Sunday, March 14, 2010

Cultural Appropriation: The Illusion of "The Line"

Recently, I wrote a piece called Countering Victorientalism, which has garnered quite a bit of attention. It does, of course, deal with cultural appropriation, because that was what the Orientalist movement was all about - commodifying Asian stuff and bringing it to Europe to prettify the lives and homes of Europeans who may or may not have visited "the Orient." 

Yes, it is a fascinating topic, which is why I'm talking about it here! Because I am both victim and perpetrator of the systems that support cultural appropriation.
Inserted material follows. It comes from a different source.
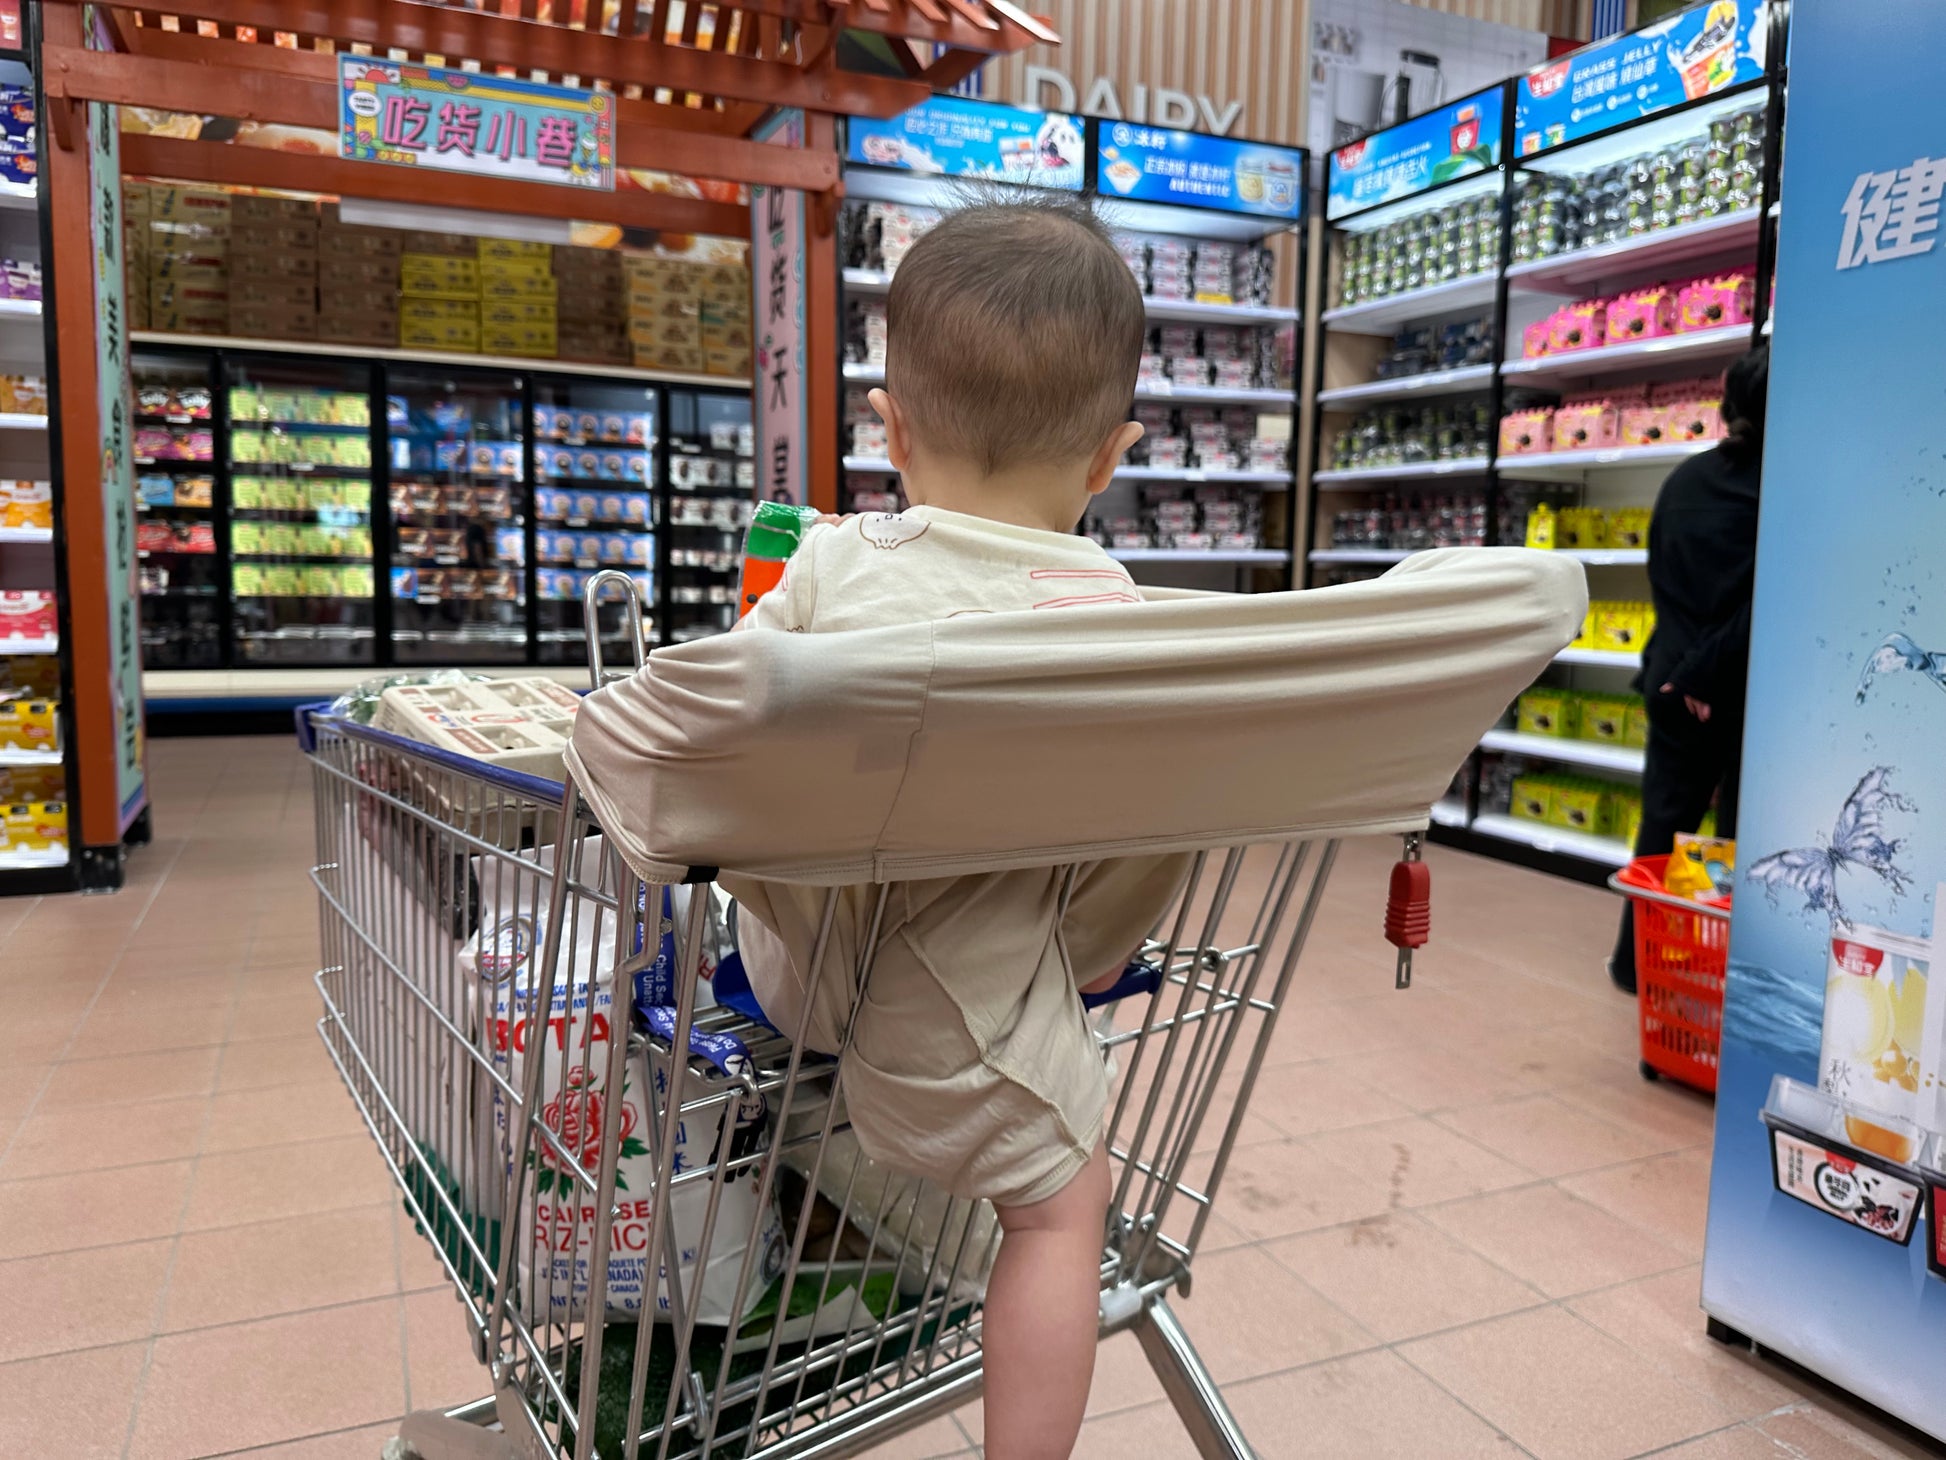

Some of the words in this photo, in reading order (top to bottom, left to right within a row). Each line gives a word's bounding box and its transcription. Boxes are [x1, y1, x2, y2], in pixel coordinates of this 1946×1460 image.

I can't advocate for either side, because like, you, I don't know enough, and like you, I, too, have questions!

.... Except the questions I foresee getting, repeatedly, is this: Where is the line between appropriation and appreciation?

Short answer: I don't know.

Longer answer: There is no line. There are reasons why this is a debate and why it is tied into systemic racism and other forms of oppression. There are reasons why we talk about this and share our experiences, so we can all see where each other is coming from. 

Ownership of our culture by minorities in white-dominant cultures is an ongoing process of negotiation, re-negotiation, and sometimes, downright possessiveness because some folks simply do not respect our culture and just want pieces of it to make their own personal lives "fabulous."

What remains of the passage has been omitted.